This page explores methods to reduce the processing time or memory utilization of Prefect workflows that process large volumes of data, without editing your Python code. There are several options to optimize your Python code for speed, memory, compute, and storage, including:

  1. Removing task introspection with quote to save time running your code.
  2. Writing task results to cloud storage such as S3 using a block to save memory.
  3. Saving data to disk within a flow rather than using results.
  4. Caching task results to save time and compute.
  5. Compressing results written to disk to save space.
  6. Using a task runner for parallelizable operations to save time.

Remove task introspection

When a task is called from a flow, each argument is introspected by Prefect, by default.

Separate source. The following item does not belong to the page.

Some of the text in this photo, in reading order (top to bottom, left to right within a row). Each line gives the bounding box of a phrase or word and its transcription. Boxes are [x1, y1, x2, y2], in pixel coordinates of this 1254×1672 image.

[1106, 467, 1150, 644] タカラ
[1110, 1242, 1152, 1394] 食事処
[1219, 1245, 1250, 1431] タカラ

To speed up your flow runs, disable this behavior for a task by wrapping the argument using quote.

Here’s a basic example that extracts and transforms some New York taxi data:

et_quote.py
from prefect import task, flow
from prefect.utilities.annotations import quote
import pandas as pd


@task
def extract(url: str):
    """Extract data"""
    df_raw = pd.read_parquet(url)
    print(df_raw.info())
    return df_raw


@task
def transform(df: pd.DataFrame):
    """Basic transformation"""
    df["tip_fraction"] = df["tip_amount"] / df["total_amount"]
    print(df.info())
    return df


@flow(log_prints=True)
def et(url: str):
    """ET pipeline"""
    df_raw = extract(url)
    df = transform(quote(df_raw))


if __name__ == "__main__":
    url = "https://d37ci6vzurychx.cloudfront.net/trip-data/yellow_tripdata_2023-09.parquet"
    et(url)

Introspection can take significant time when the object being passed is a large collection, such as dictionary or DataFrame, where each element needs to be visited.

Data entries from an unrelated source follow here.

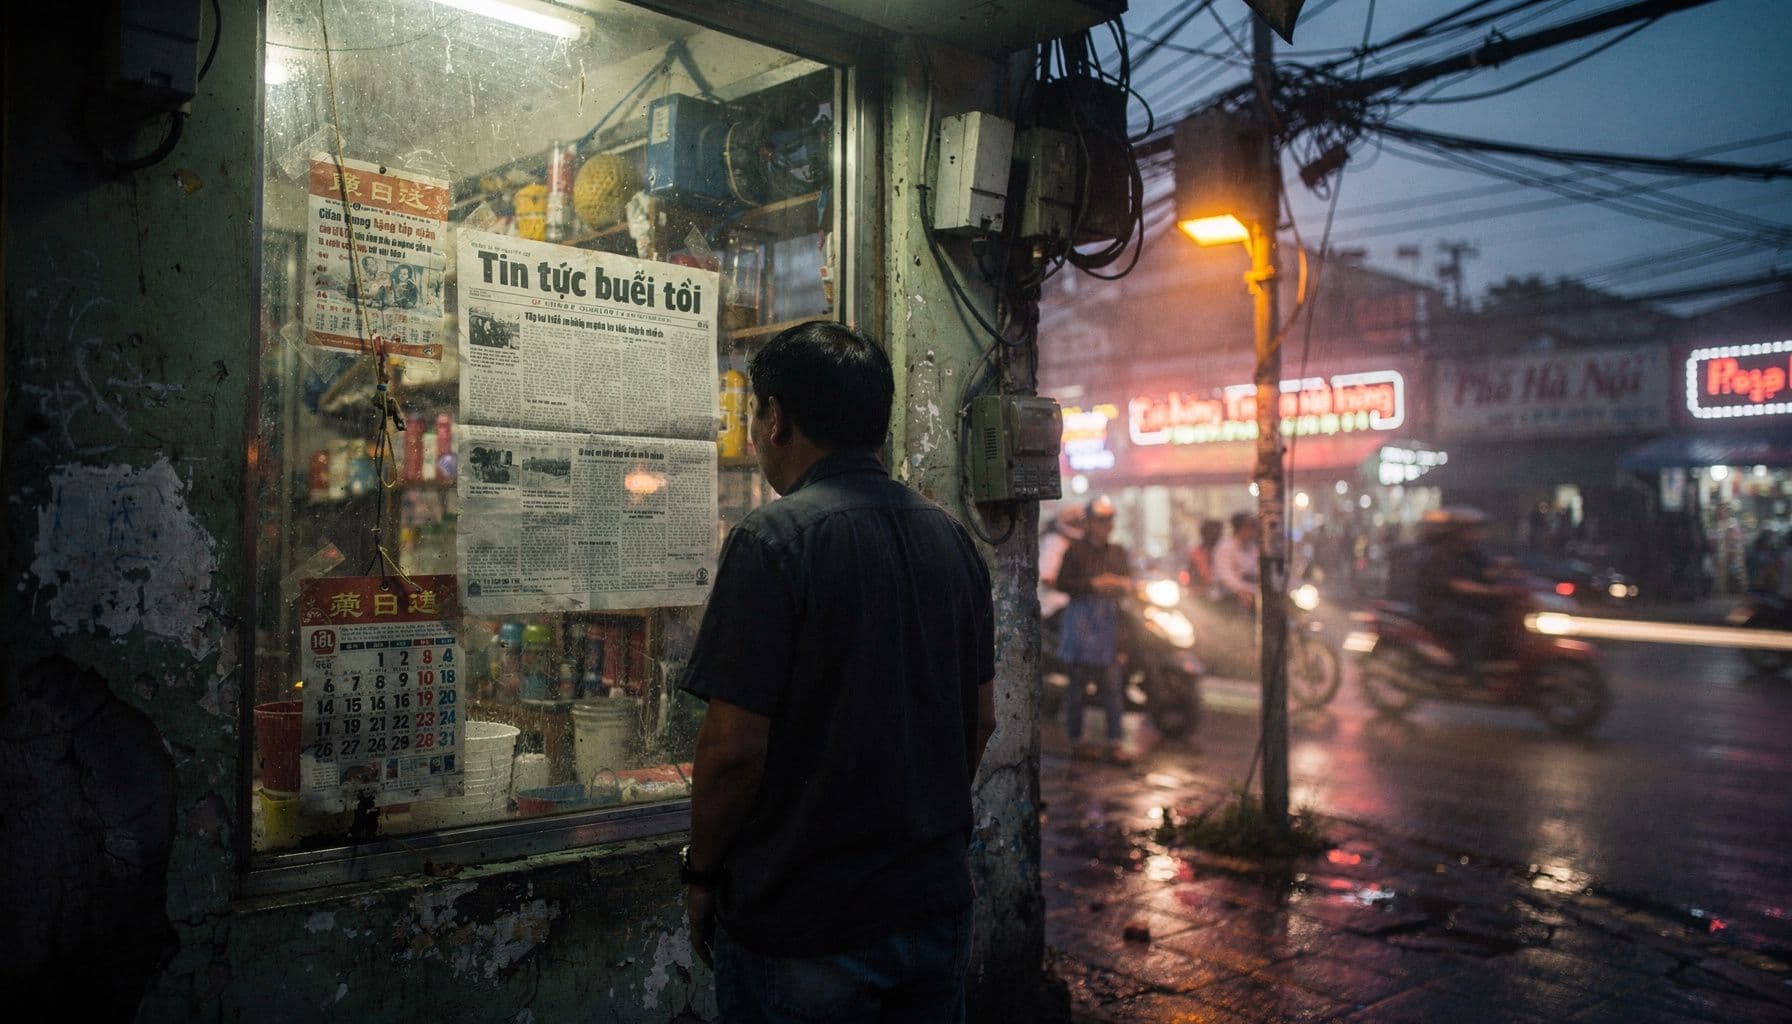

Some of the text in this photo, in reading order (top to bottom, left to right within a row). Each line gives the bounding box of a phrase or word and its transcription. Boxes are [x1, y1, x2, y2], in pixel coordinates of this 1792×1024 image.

[478, 250, 529, 290] Tin
[537, 262, 587, 300] tức
[663, 278, 701, 314] tồi
[377, 652, 384, 667] 1
[400, 651, 409, 666] 2
[443, 648, 453, 662] 4
[324, 670, 455, 693] 6 7 8 9 10 18
[346, 698, 361, 712] 15
[370, 696, 385, 710] 16
[417, 692, 433, 706] 19
[439, 690, 456, 704] 20
[344, 719, 360, 734] 19
[369, 717, 385, 732] 21
[392, 715, 409, 729] 22
[416, 713, 434, 727] 23
[341, 740, 360, 755] 27
[416, 733, 434, 748] 28

Using quote reduces execution time at the expense of disabling task dependency tracking for the wrapped object.

Write task results to cloud storage

By default, the results of task runs are stored in memory in your execution environment. This behavior makes flow runs fast for small data, but can be problematic for large data. Save memory by writing results to disk.

In production, it’s recommended to write results to a cloud provider storage such as AWS S3. Prefect lets you use a storage block from a Prefect Cloud integration library such as prefect-aws to save your configuration information. Learn more about blocks.

Install the relevant library, register the block type with the server, and create your block. Then reference the block in your flow:

...
from prefect_aws.s3 import S3Bucket

my_s3_block = S3Bucket.load("MY_BLOCK_NAME")

...
@task(result_storage=my_s3_block)

The result of the task writes to S3, rather than stored in memory.

Save data to disk within a flow

To save memory and time with big data, you don’t need to pass results between tasks. Instead, write and read data to disk directly in your flow code. Prefect has integration libraries for each of the major cloud providers.

Each library contains blocks with methods that make it convenient to read and write data to and from cloud object storage. The moving data guide has step-by-step examples for each cloud provider.

Cache task results

Caching saves you time and compute by allowing you to avoid re-running tasks unnecessarily. Note that caching requires task result persistence. Learn more about caching.

Compress results written to disk

If you’re using Prefect’s task result persistence, save disk space by compressing the results. Specify the result type with compressed/ prefixed:

@task(result_serializer="compressed/json")

Read about compressing results with Prefect for more details. Note that compression takes time to compress and decompress the data.

Use a task runner for parallelizable operations

Prefect’s task runners allow you to use the Dask and Ray Python libraries to run tasks in parallel, distributed across multiple machines. This can save you time and compute when operating on large data structures. See the guide to working with Dask and Ray Task Runners for details.